人源性抗-HBc单链噬菌体抗体库的构建

目的 构建人源性单链噬菌体抗体库，为筛选人源性抗—HBc单链抗体奠定基础。方法 利用逆转录—聚合酶链反应(RT—PCR)和噬菌体表面展示技术，直接从乙肝病毒核心抗体(抗—HBc)阳性患者淋巴细胞中提取总RNA，逆转录成cDNA；合成全套人抗体可变区引物扩增抗体可变区基因，并将重、轻链可变区基因进行拼接装配成单链抗体(ScFv)基因，重组于噬菌粒载体叶pHEN1，转化抑制型大肠埃希菌E.coliTG1，以辅助噬菌体援救后，构建成人源性单链噬菌体库。结果 成功地构建了人源性抗—HBc单链噬菌体库，库容量达10^6。结论 利用RT—PCR和噬菌体表面展示技术可以成功构建人源性单链抗体库，并达到建库标准，可进一步从中筛选人源性单链抗体。

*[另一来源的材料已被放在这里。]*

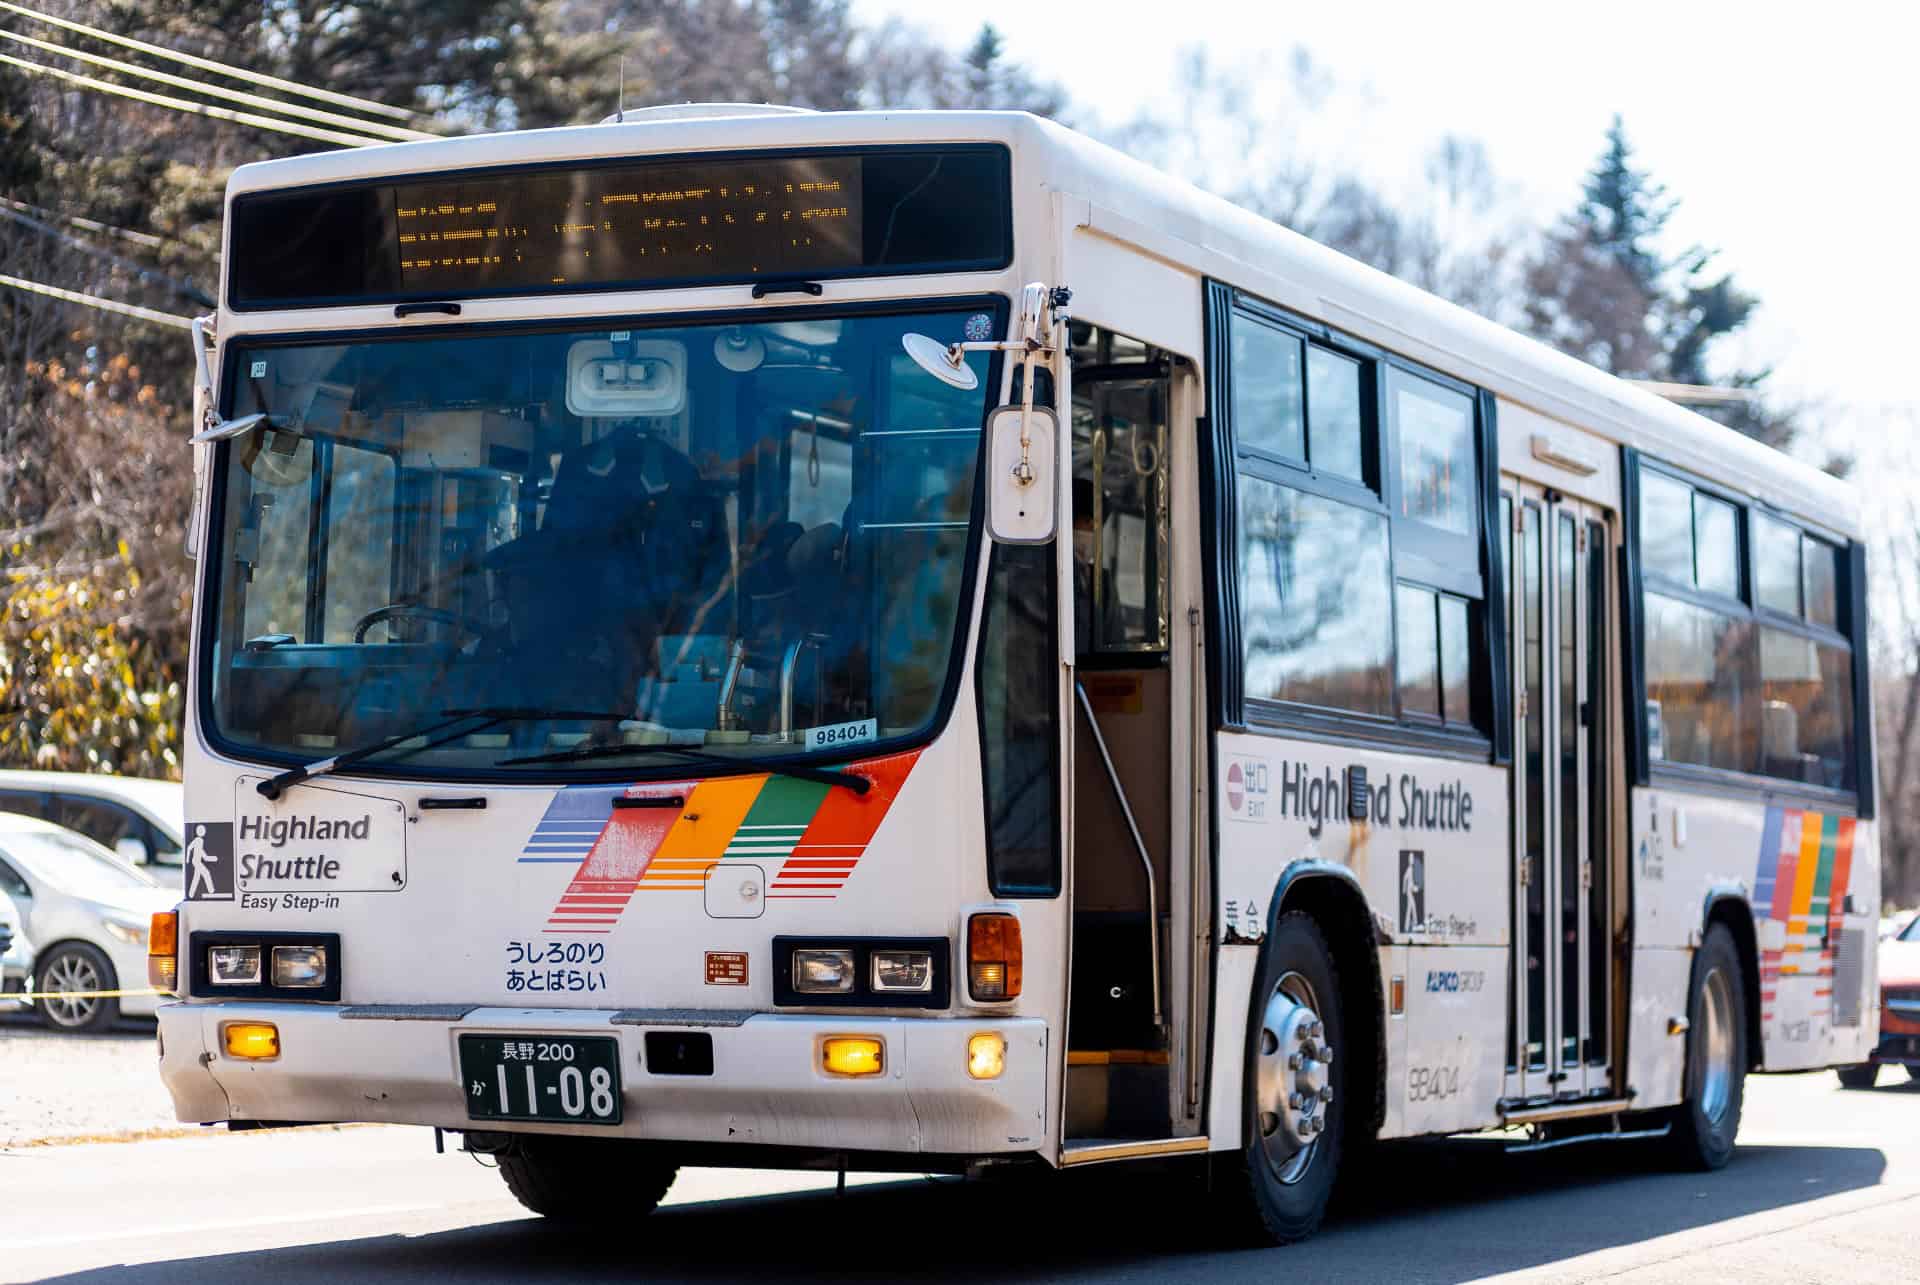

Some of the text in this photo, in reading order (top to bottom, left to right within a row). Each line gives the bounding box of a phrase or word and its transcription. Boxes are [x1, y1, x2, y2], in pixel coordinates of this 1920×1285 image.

[816, 724, 867, 745] 98404
[1245, 761, 1267, 793] 出口
[1248, 800, 1265, 817] EXIT
[1281, 760, 1472, 839] Highlnd Shuttle
[239, 815, 370, 848] Highland
[239, 854, 340, 880] Shuttle
[241, 893, 340, 912] Easy Step-in
[506, 941, 604, 964] うしろのり
[506, 968, 606, 991] あとばらい
[502, 1042, 575, 1061] 長野200
[471, 1064, 614, 1117] か 11-08
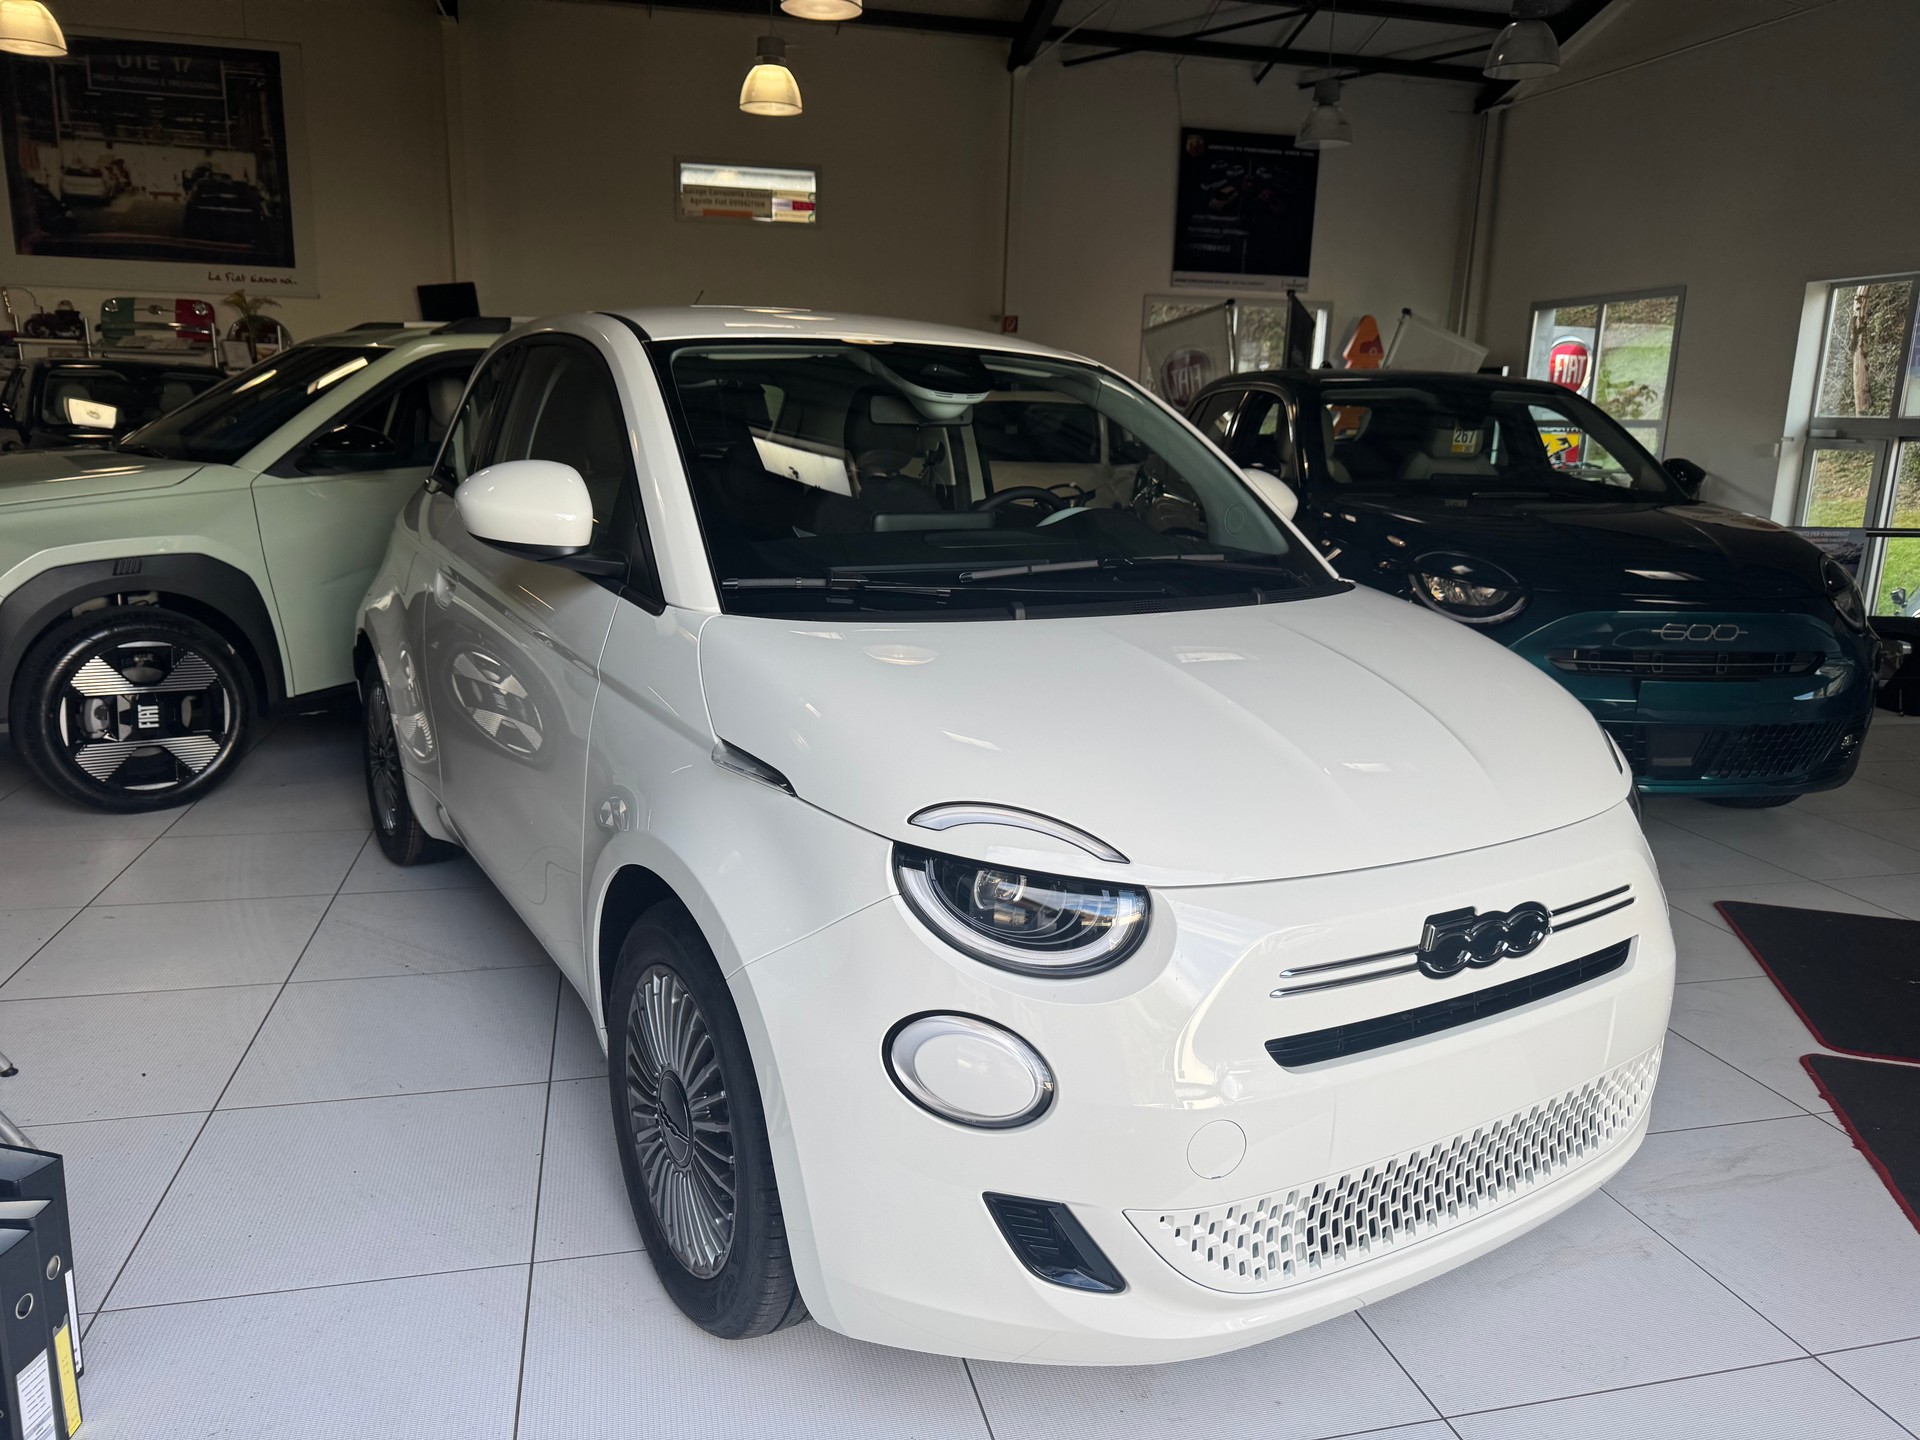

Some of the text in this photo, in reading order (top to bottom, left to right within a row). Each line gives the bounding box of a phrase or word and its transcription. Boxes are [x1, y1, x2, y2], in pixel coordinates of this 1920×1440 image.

[208, 271, 221, 281] La
[225, 271, 245, 282] Fiat
[1553, 353, 1587, 384] FIAT
[1454, 428, 1475, 443] 267
[1660, 623, 1740, 641] 600
[137, 704, 160, 729] FIAT
[1417, 900, 1550, 980] 500
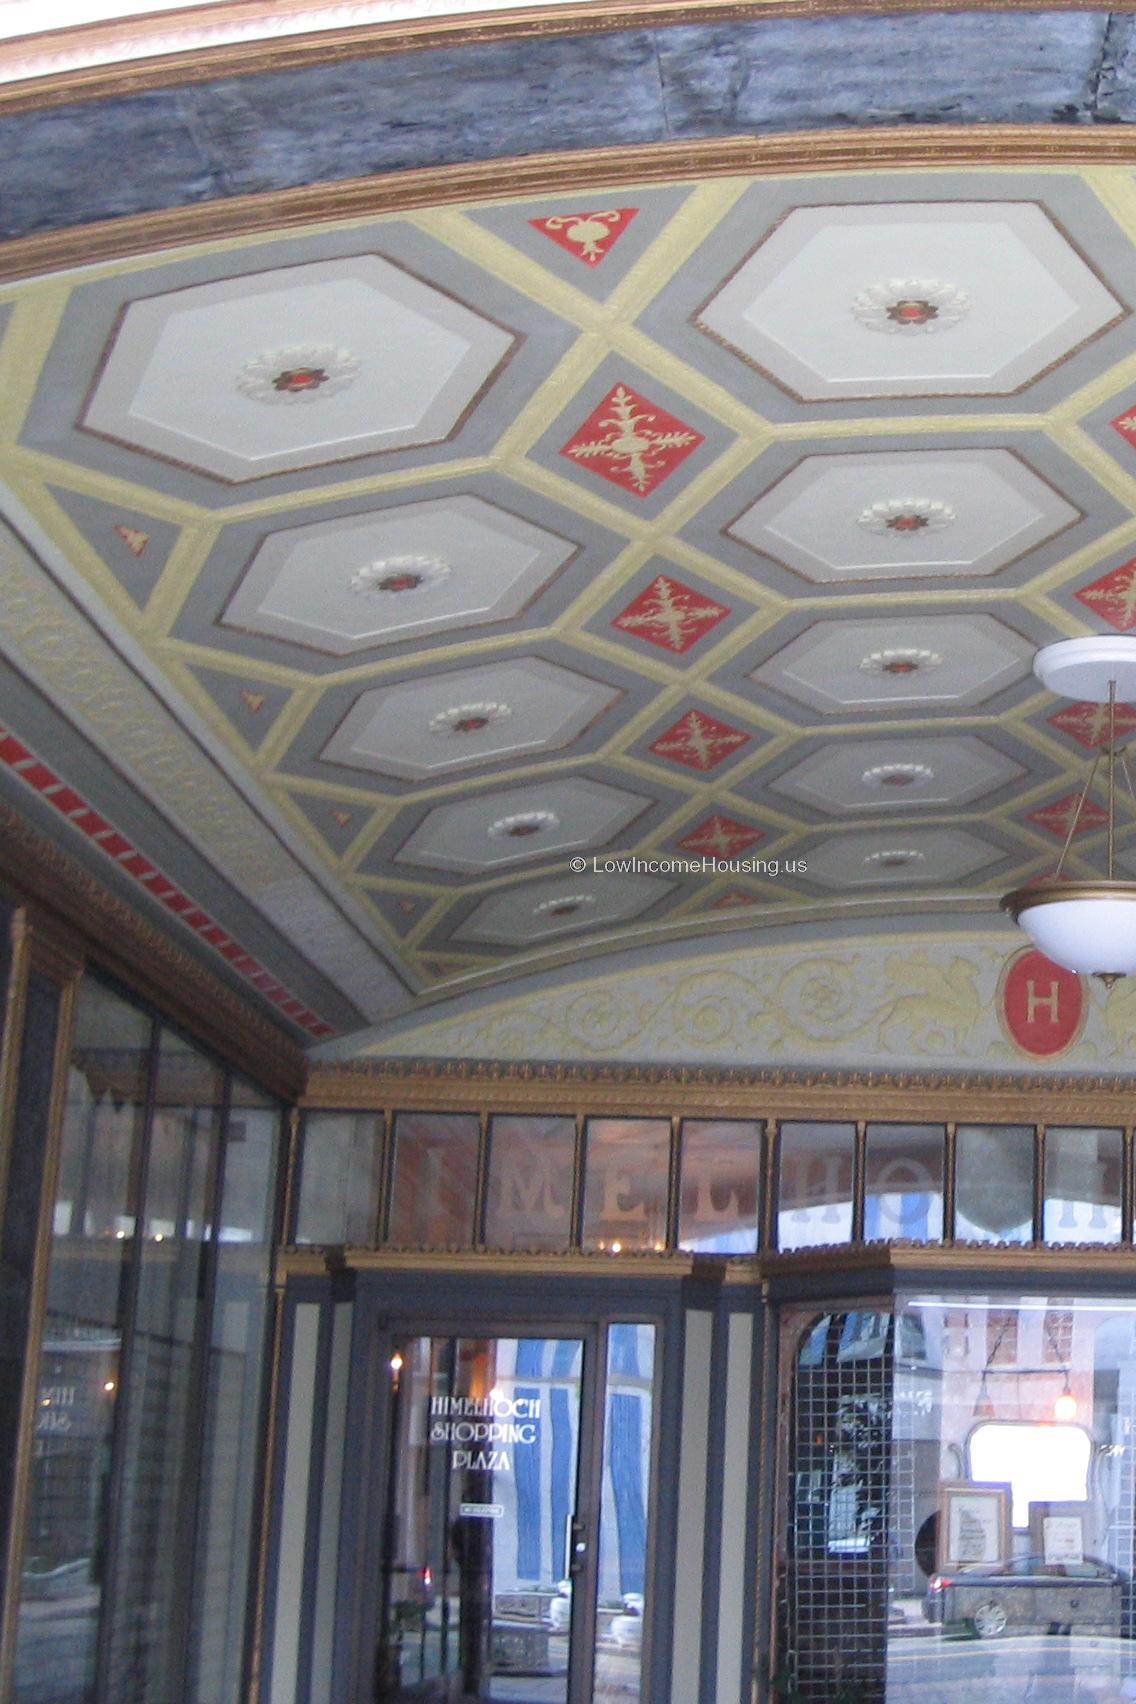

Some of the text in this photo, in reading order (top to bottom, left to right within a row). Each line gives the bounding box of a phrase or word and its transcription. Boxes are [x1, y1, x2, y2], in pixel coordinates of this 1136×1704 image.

[1025, 979, 1060, 1025] H
[432, 1397, 540, 1418] HIMELHOCH
[431, 1422, 536, 1443] SHOPPING
[452, 1450, 510, 1469] PLAZA

Construction of a phage display library of human single-chain Fv antibodies from peripheral blood lymphocytes of people with positive serum antibody against hepatitis B virus core protein

Objective To construcr a phage display library of human single-chain Fv antibodies from peripheral blood lymphocytes of people with positive serum antibody against hepatitis B virus core protein. Methods The heavy chain and light chain variable region gene of human immunoglobulin were amplified individually by RT-PCR from peripheral blood Lymphocytes mRNA of patients with positive serum hepatitis B virus core protein antibody and randomly combined through a DNA linker encoding the peptide (Gly 4Ser) 3 to construct single-chain variable fragments (ScFv)gene. In the presence of helper phage M13KO7, the ScFv were displayed on the surface of recombinant phages. Results Repertoire antibody library was obtained with 10 6 clonies resistant to ampicillin and kanamycin. Conclusions A typical phage display library of human single-chain Fv antibodies has been constructed Using RT-polymerase chain reaction (RT-PCR) and phage display technique, human single-chain Fv antibodies can be screened from this library.